● **Task input**
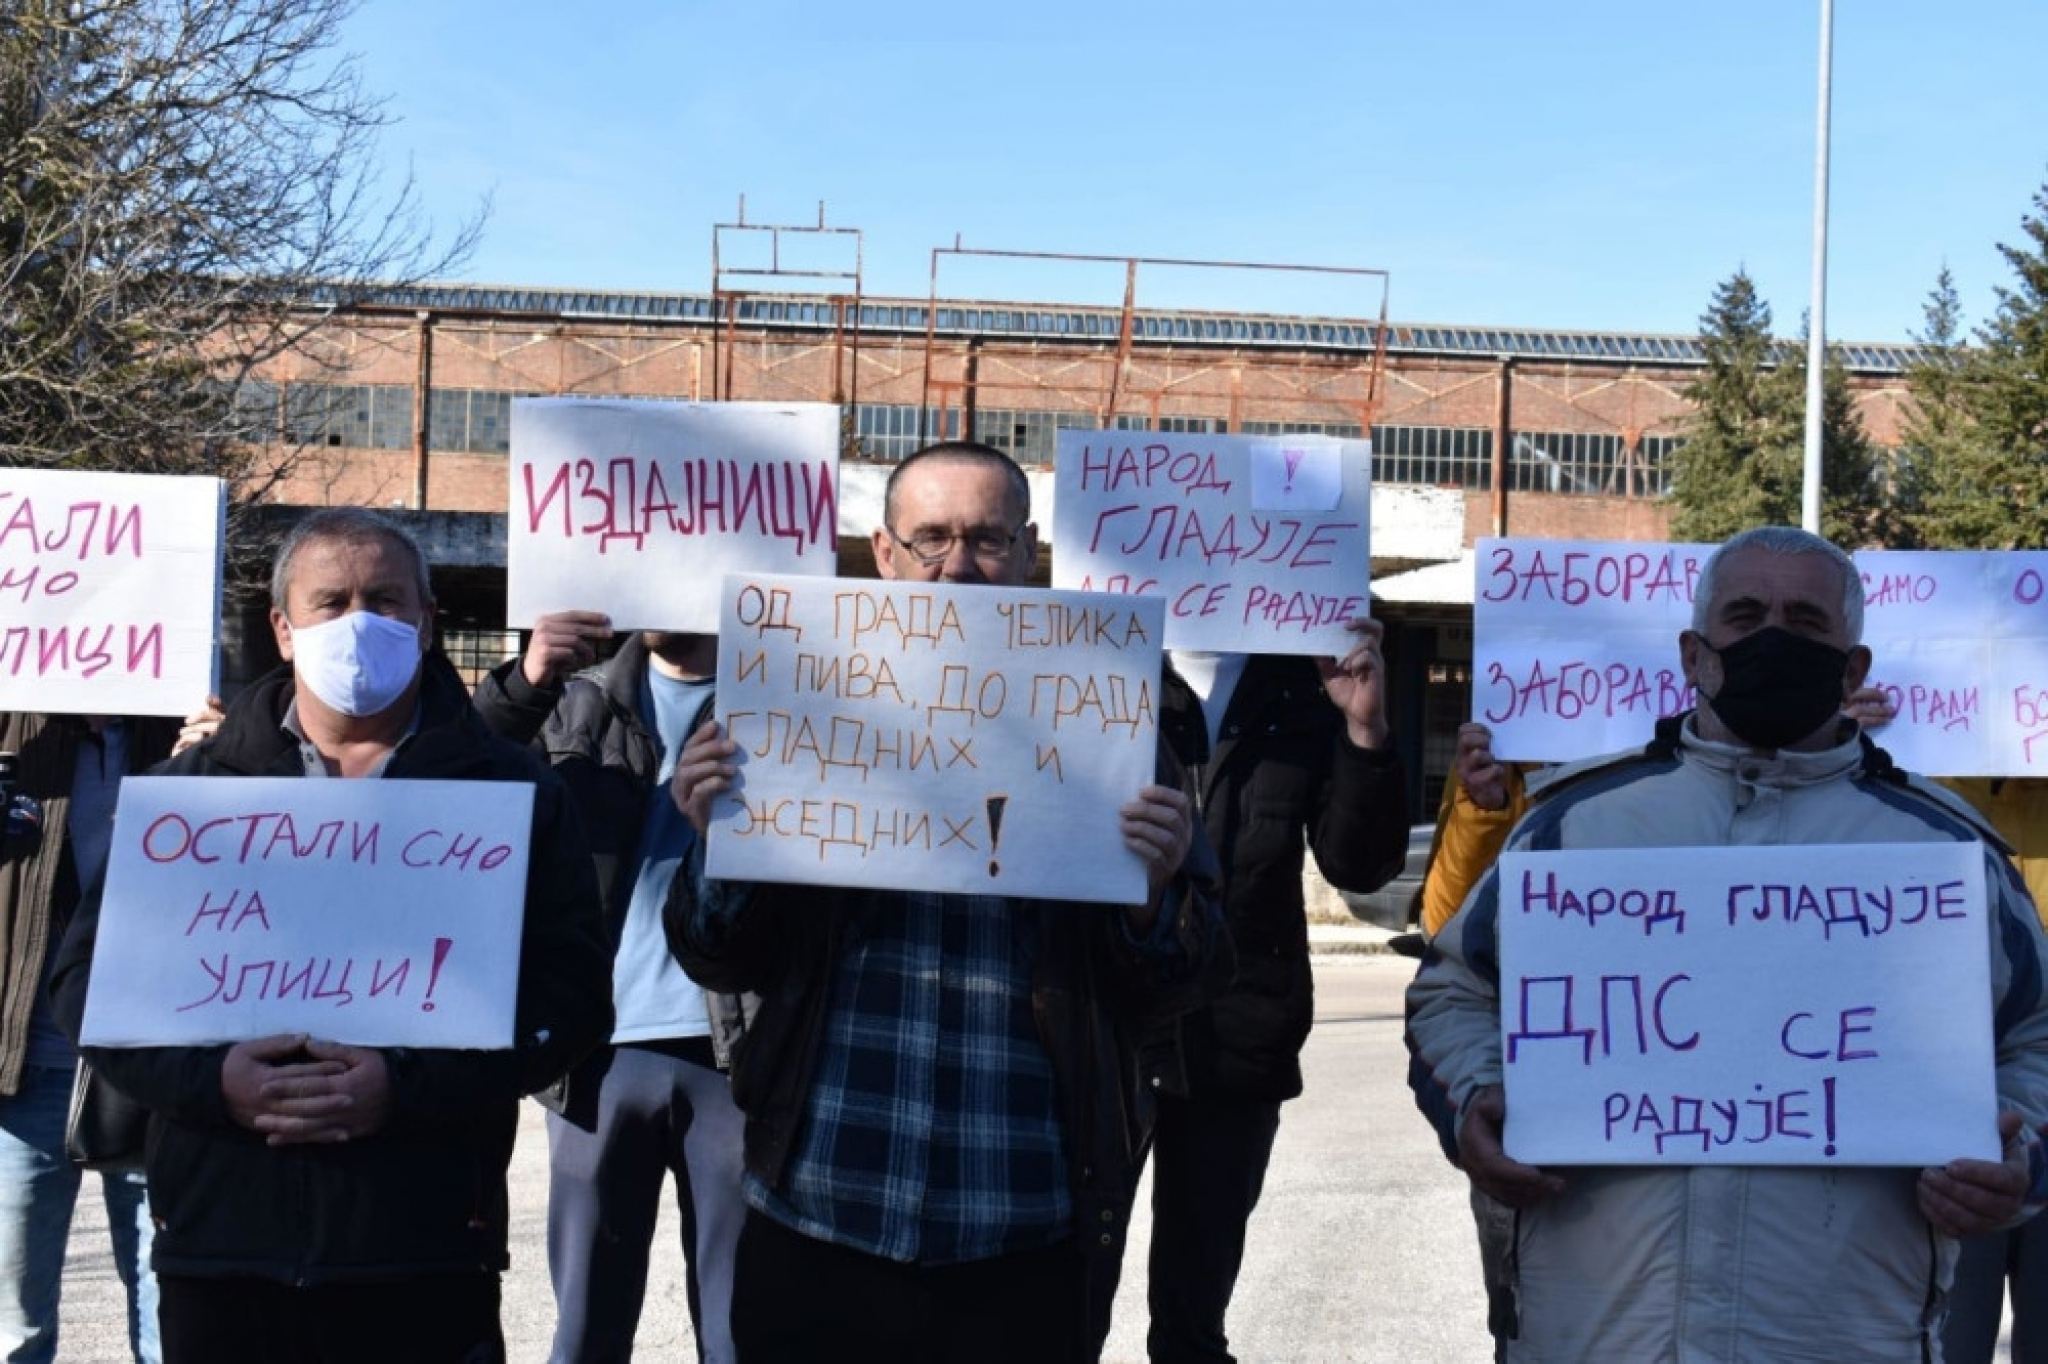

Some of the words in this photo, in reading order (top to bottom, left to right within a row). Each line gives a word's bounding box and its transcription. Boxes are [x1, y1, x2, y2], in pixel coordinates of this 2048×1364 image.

[1081, 444, 1231, 497] НАРОД
[0, 491, 142, 559] АЛИ
[523, 458, 838, 555] ИЗДАЈНИЦИ
[1089, 505, 1358, 567] ГЛАДУЈЕ
[737, 584, 802, 643] ОД
[834, 592, 965, 651] ГРАДА
[997, 601, 1148, 649] ЧЕЛИКА
[1172, 583, 1231, 617] СЕ
[1244, 585, 1365, 632] РАДУЈЕ
[738, 650, 765, 684] И
[927, 665, 1006, 727] ДО
[1030, 674, 1155, 740] ГРАДА
[727, 711, 978, 782] ГЛАДНИХ
[1036, 743, 1063, 784] И
[142, 812, 379, 864] ОСТАЛИ
[402, 829, 512, 871] СМО
[186, 889, 271, 935] НА
[1728, 878, 1967, 941] ГЛАДУЈЕ
[1507, 973, 1699, 1065] ДПС
[1781, 1006, 1879, 1061] СЕ
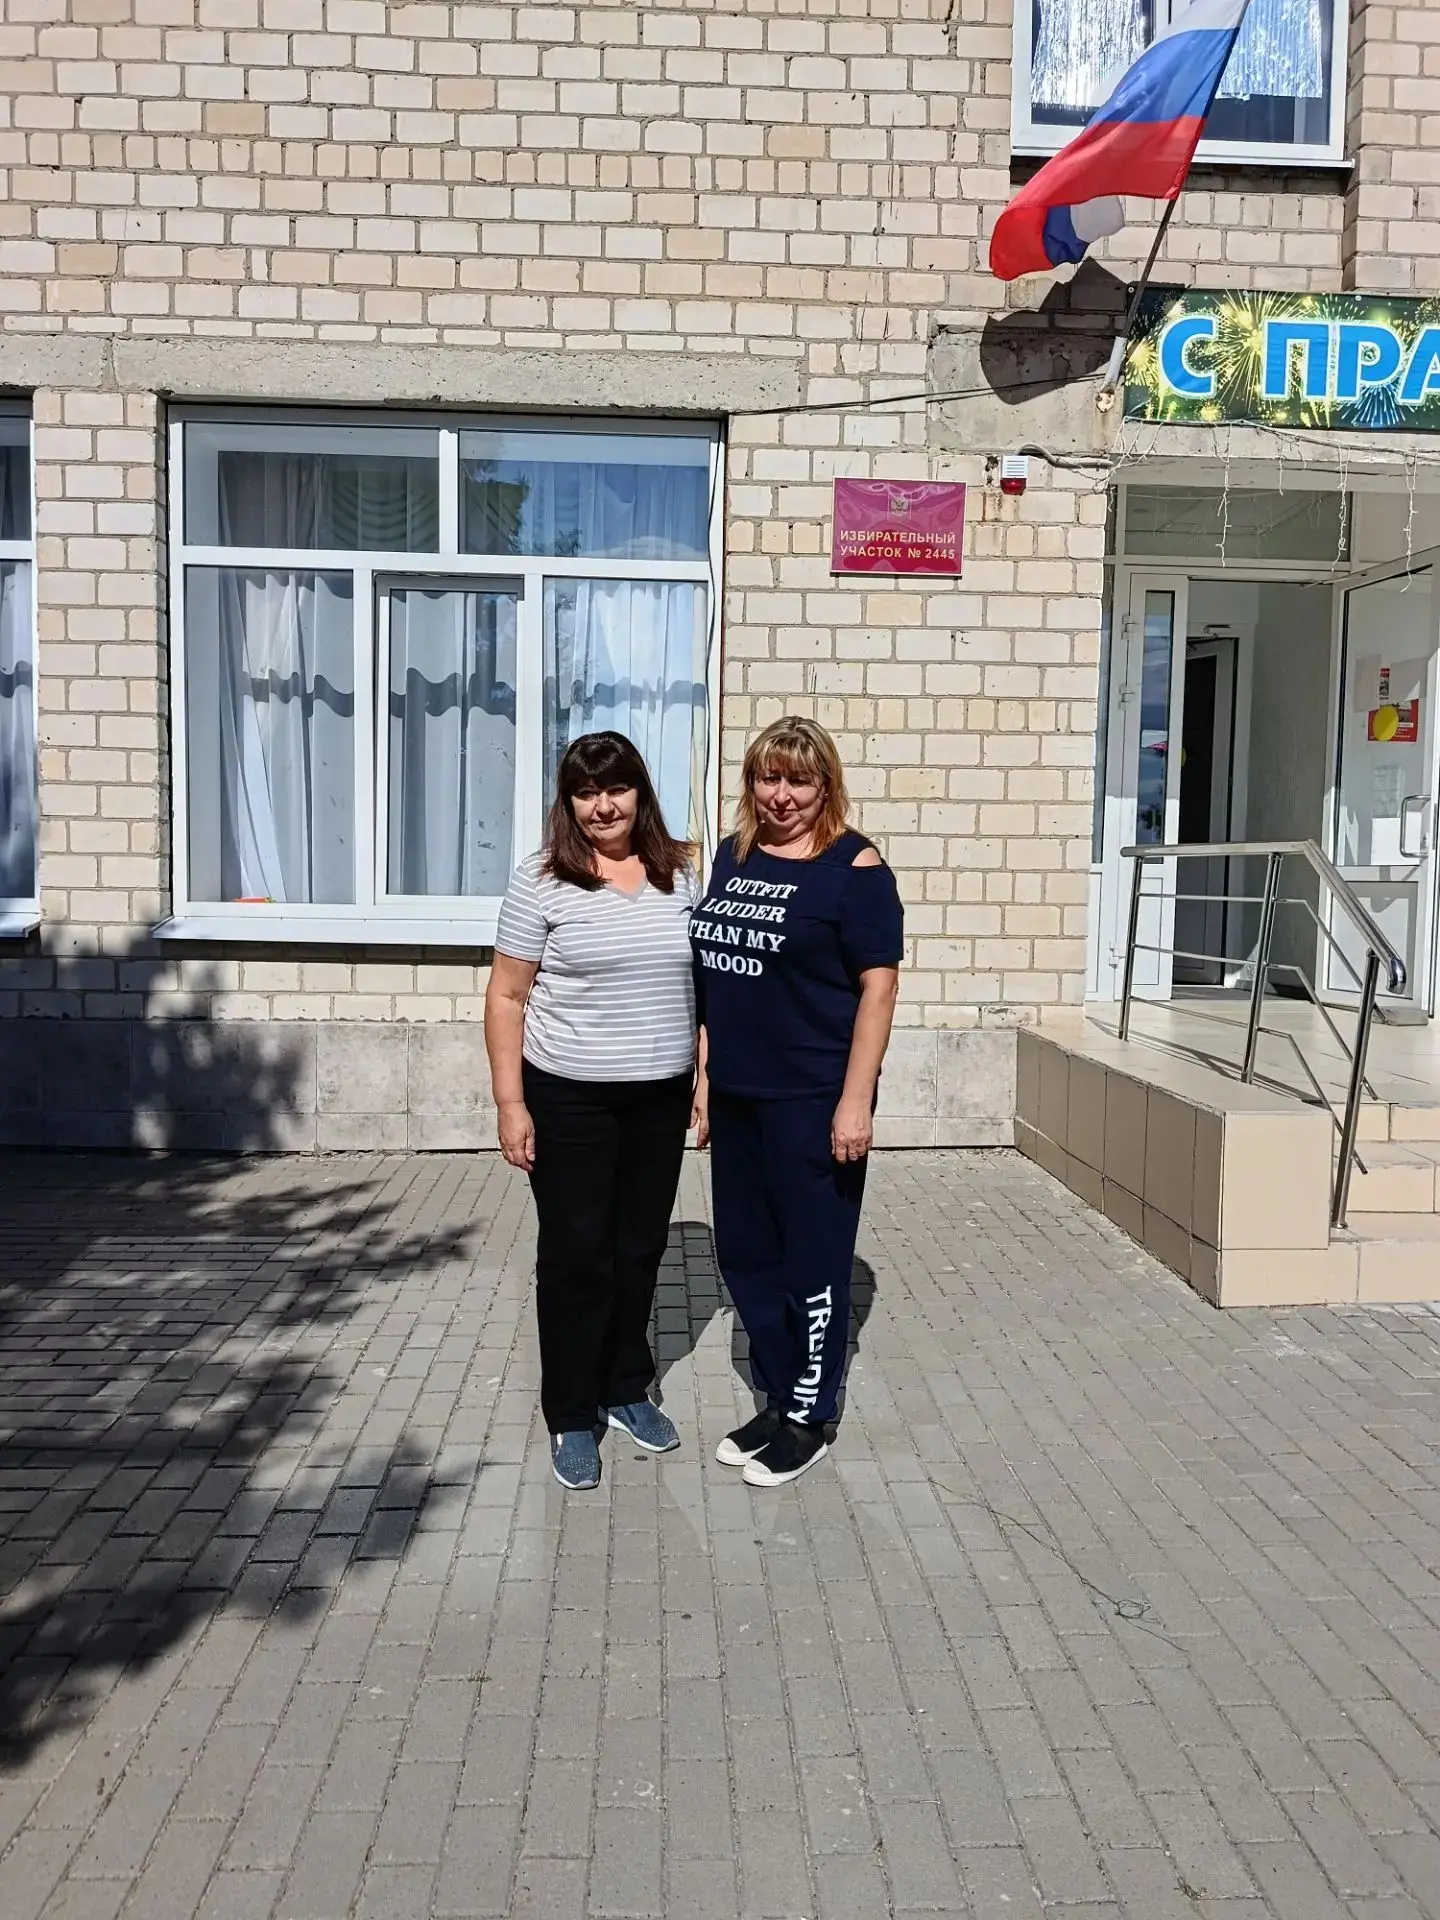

● **Work required**
Pictures stay out; everything else in the entries is copied exactly.

● **Written response**
Some of the words in this photo, in reading order (top to bottom, left to right within a row). Each line gives a word's bounding box and its transcription. Boxes are [x1, y1, x2, y2], in pixel coordinates of this 2048×1364 image.

[1081, 444, 1231, 497] НАРОД
[0, 491, 142, 559] АЛИ
[523, 458, 838, 555] ИЗДАЈНИЦИ
[1089, 505, 1358, 567] ГЛАДУЈЕ
[737, 584, 802, 643] ОД
[834, 592, 965, 651] ГРАДА
[997, 601, 1148, 649] ЧЕЛИКА
[1172, 583, 1231, 617] СЕ
[1244, 585, 1365, 632] РАДУЈЕ
[738, 650, 765, 684] И
[927, 665, 1006, 727] ДО
[1030, 674, 1155, 740] ГРАДА
[727, 711, 978, 782] ГЛАДНИХ
[1036, 743, 1063, 784] И
[142, 812, 379, 864] ОСТАЛИ
[402, 829, 512, 871] СМО
[186, 889, 271, 935] НА
[1728, 878, 1967, 941] ГЛАДУЈЕ
[1507, 973, 1699, 1065] ДПС
[1781, 1006, 1879, 1061] СЕ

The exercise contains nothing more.